为有效预防航天器在轨故障,需要在设计阶段充分考虑各类不确定性影响,提高航天器的稳健性和可靠性。在航天器设计过程中,既存在航天器及其运行环境固有的随机不确定性,也存在由于人员认识不足或信息缺乏导致的认知不确定性。航天器的多学科特性以及学科间各类不确定性混合交叉传递影响,导致考虑不确定性的航天器设计过程复杂、计算成本高昂、工程实现困难。为此,本项目将基于概率及证据理论,深入研究随机和认知不确定性混合条件下的多学科设计优化方法(MUMDO),并探索其在航天器设计中的应用。项目将以提高MUMDO的求解效率和优化效果为目标,重点突破混合不确定性分析和混合不确定性优化两项关键技术,并将其分别应用于单个航天器和多航天器系统的总体设计优化中,验证其可行性和有效性。
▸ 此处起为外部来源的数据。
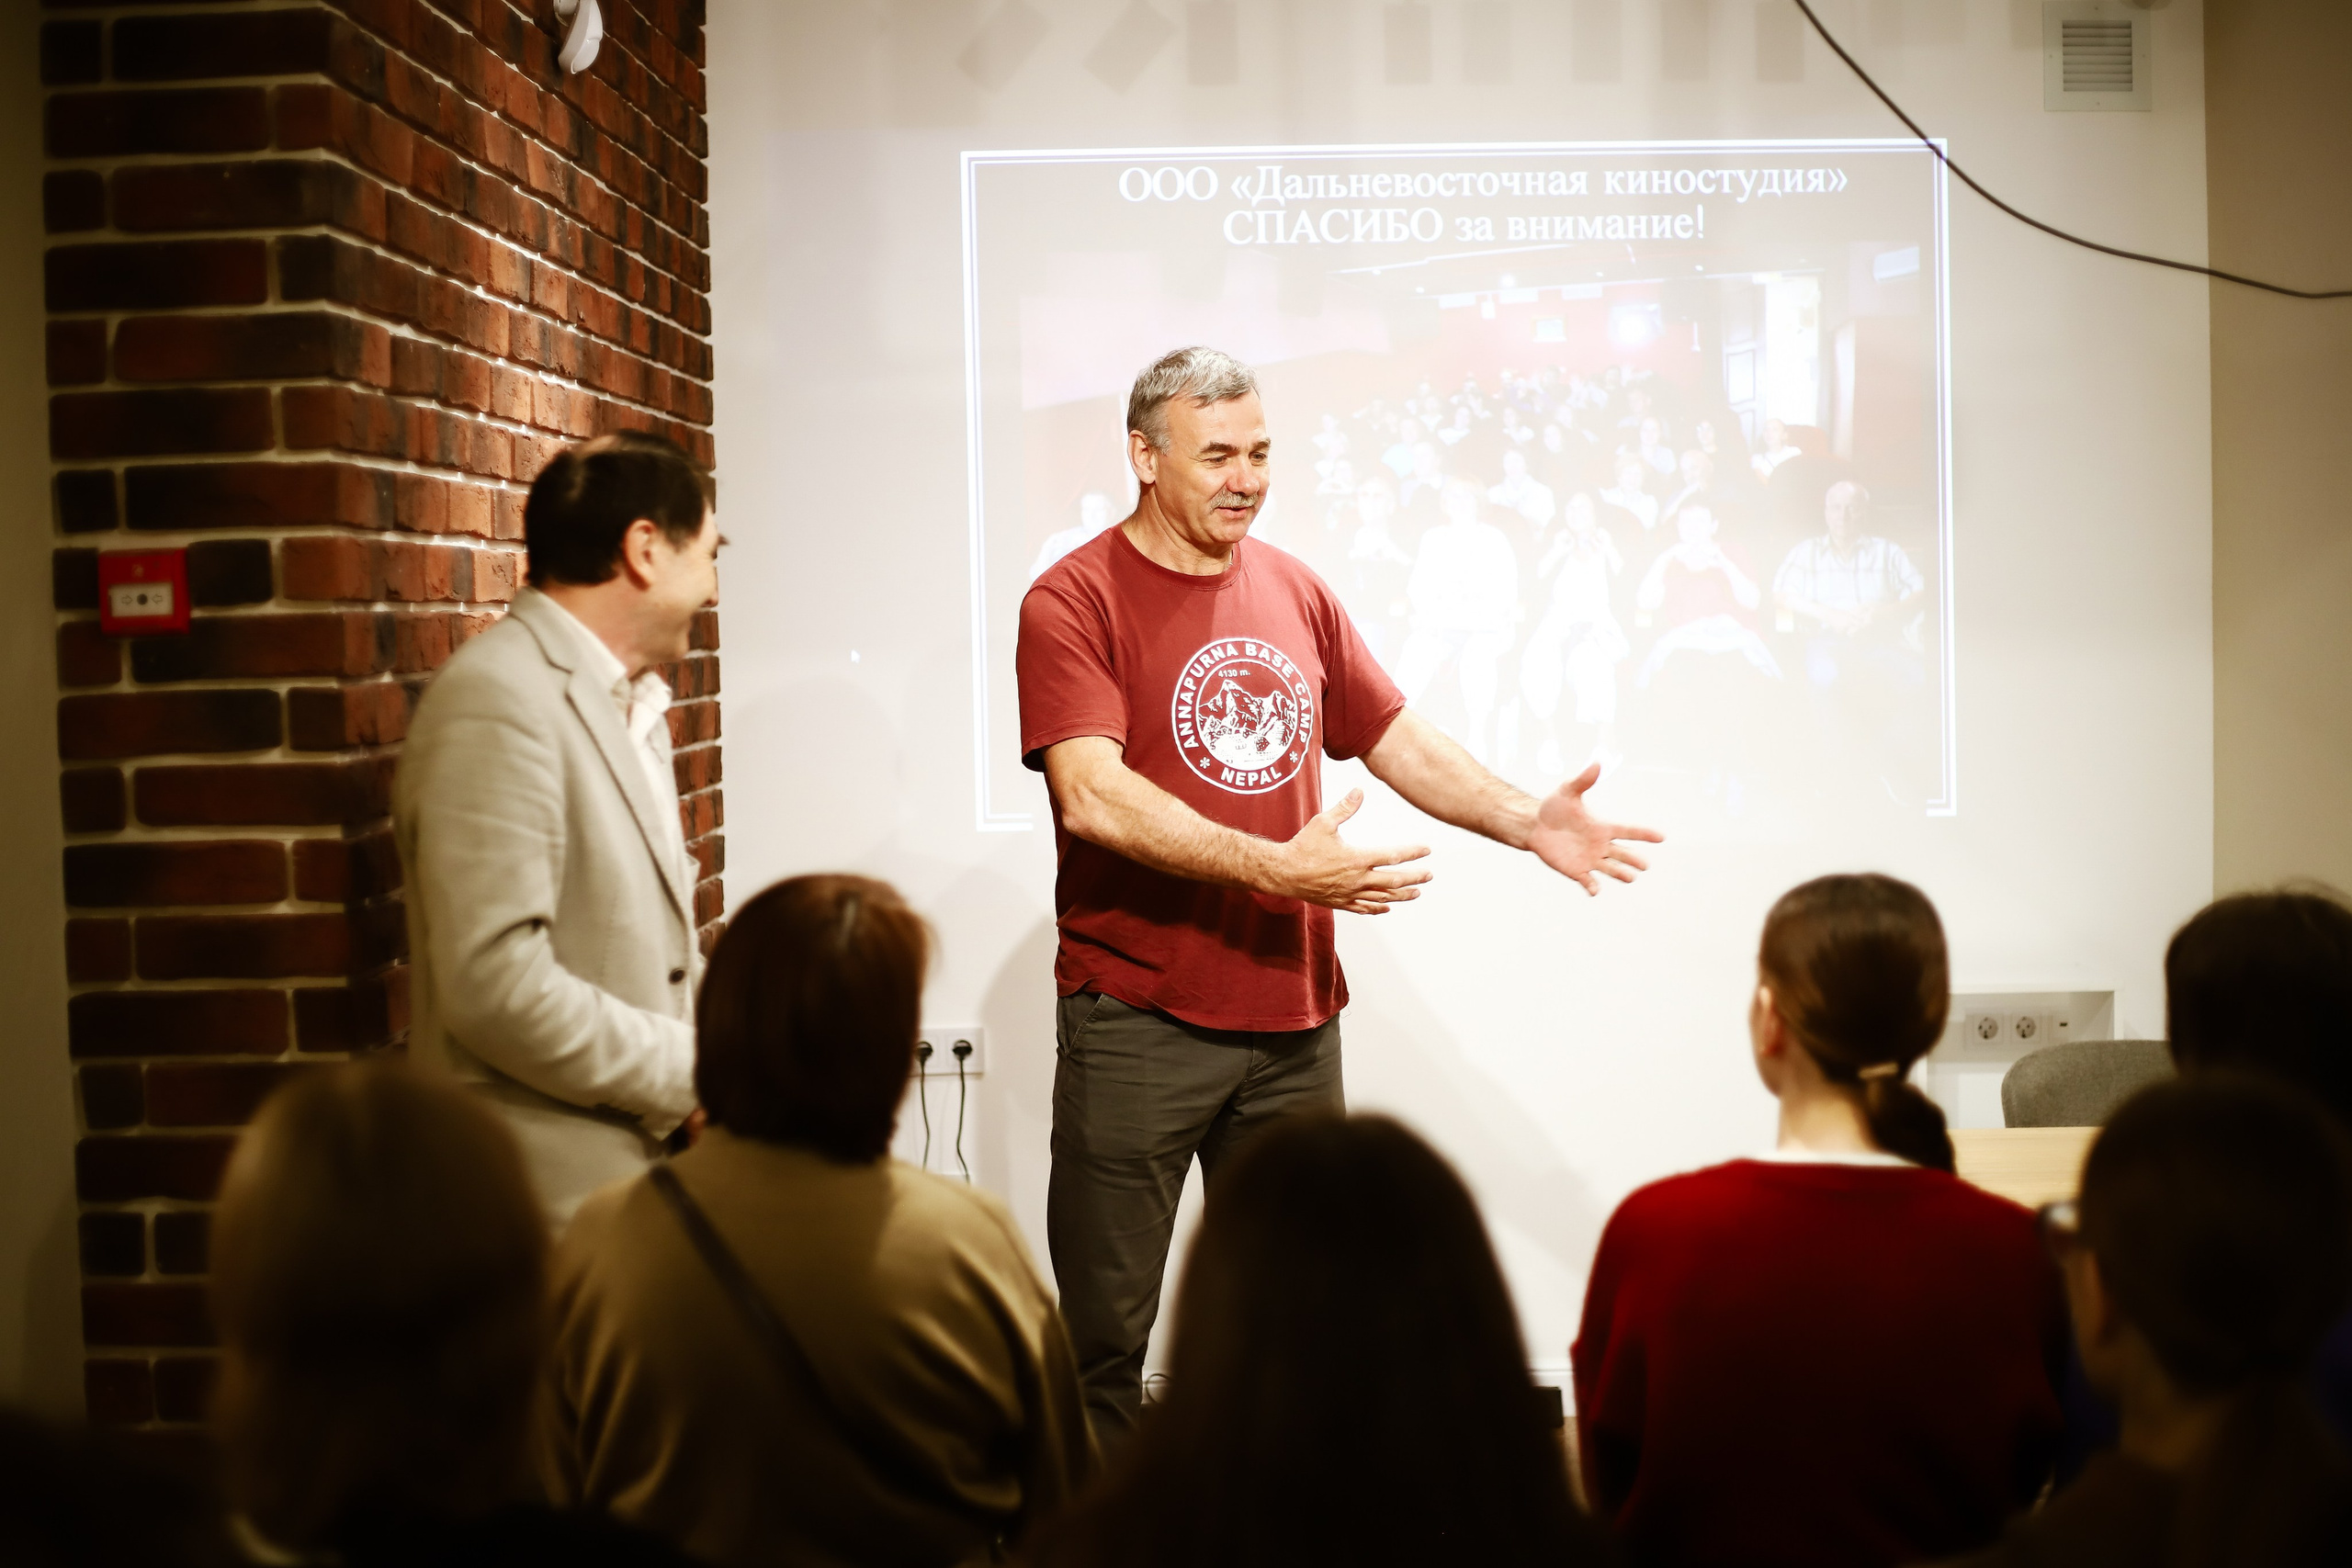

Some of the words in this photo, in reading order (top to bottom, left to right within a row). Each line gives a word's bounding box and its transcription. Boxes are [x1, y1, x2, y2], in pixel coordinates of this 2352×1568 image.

[1118, 165, 1219, 202] ООО
[1229, 164, 1589, 207] «Дальневосточная
[1603, 165, 1849, 203] киностудия»
[1222, 208, 1443, 246] СПАСИБО
[1454, 214, 1495, 243] за
[1507, 205, 1706, 243] внимание!
[1217, 669, 1238, 678] 4130
[1178, 643, 1238, 749] ANNAPURNA
[1245, 643, 1294, 679] BASE
[1295, 682, 1311, 743] CAMP
[1220, 766, 1283, 787] NEPAL
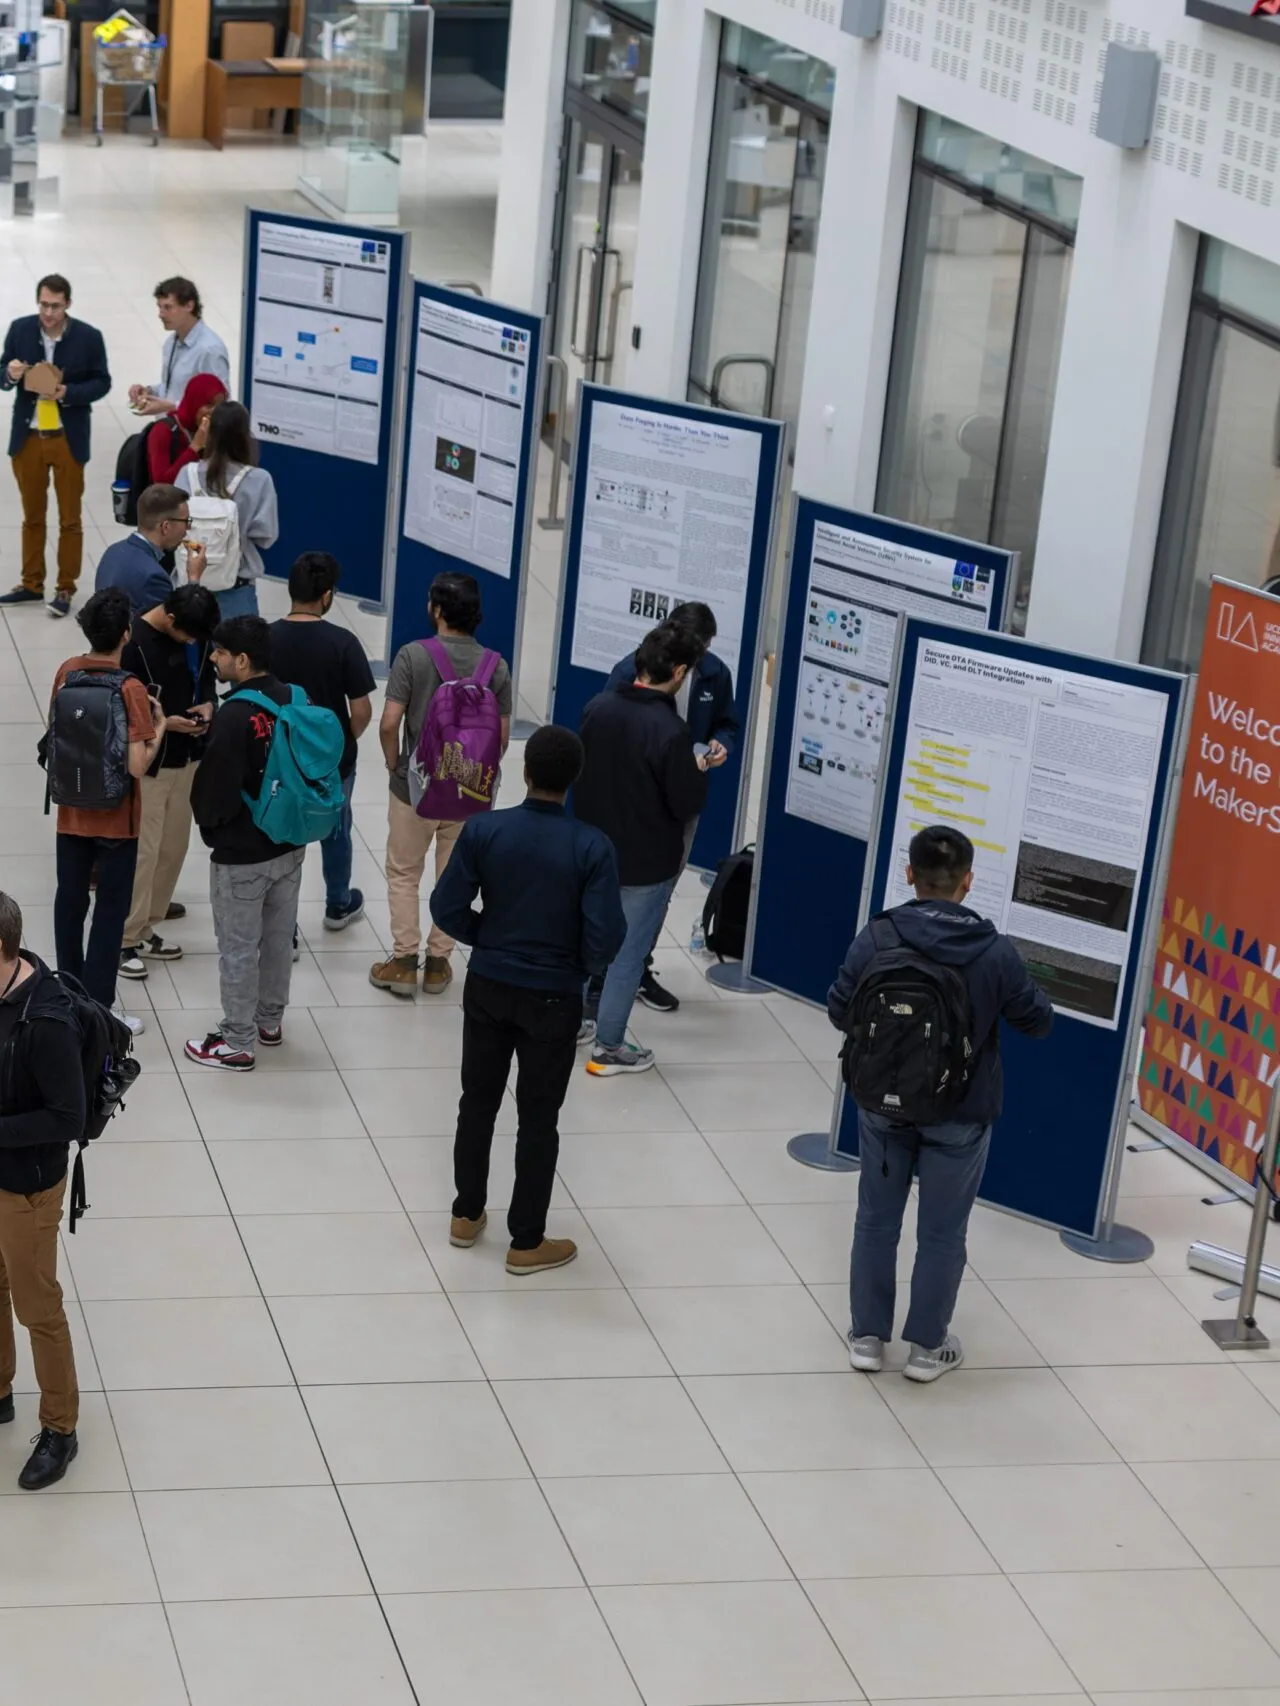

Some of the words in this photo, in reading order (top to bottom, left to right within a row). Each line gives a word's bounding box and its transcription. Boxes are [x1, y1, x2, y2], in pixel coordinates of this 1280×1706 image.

通过本项目的研究,将形成工程实用性较强的MUMDO方法,初步建立基于MUMDO的航天器总体设计流程,并为MUMDO在其它领域的推广应用奠定基础。
本项目以提高航天器稳健性和可靠性为背景,基于概率及证据理论,对考虑随机和认知混合不确定性影响的航天器不确定性多学科设计优化方法(MUMDO)及其在航天器设计中的应用开展了系统研究。首先,在混合不确定性分析方法研究方面,提出了基于系统响应显式函数近似和约束边界隐式函数近似的不确定性分析方法,有效提高了计算效率,实现不确定性分析精度与效率的折中。然后,在混合不确定性优化方法研究方面,分别提出了基于泰勒展开进行不确定性优化问题转换的MUMDO序贯优化求解法和基于层次系统目标级联分析法的MUMDO分解协调求解法,算例表明上述两种方法都能有效获取满足可靠性要求的优化方案,同时提高优化效率。最后,对基于MUMDO方法的航天器总体设计应用开展了研究,分别以某对地观测小卫星和“在轨加注”多航天器系统为对象,对其不确定性总体设计优化问题进行了建模,基于前述不确定性分析和优化算法对MUMDO问题进行了求解,得到满足可靠性约束或可信性约束的最优方案,验证了本项目提出方法的有效性,为将来进一步推广应用奠定了基础。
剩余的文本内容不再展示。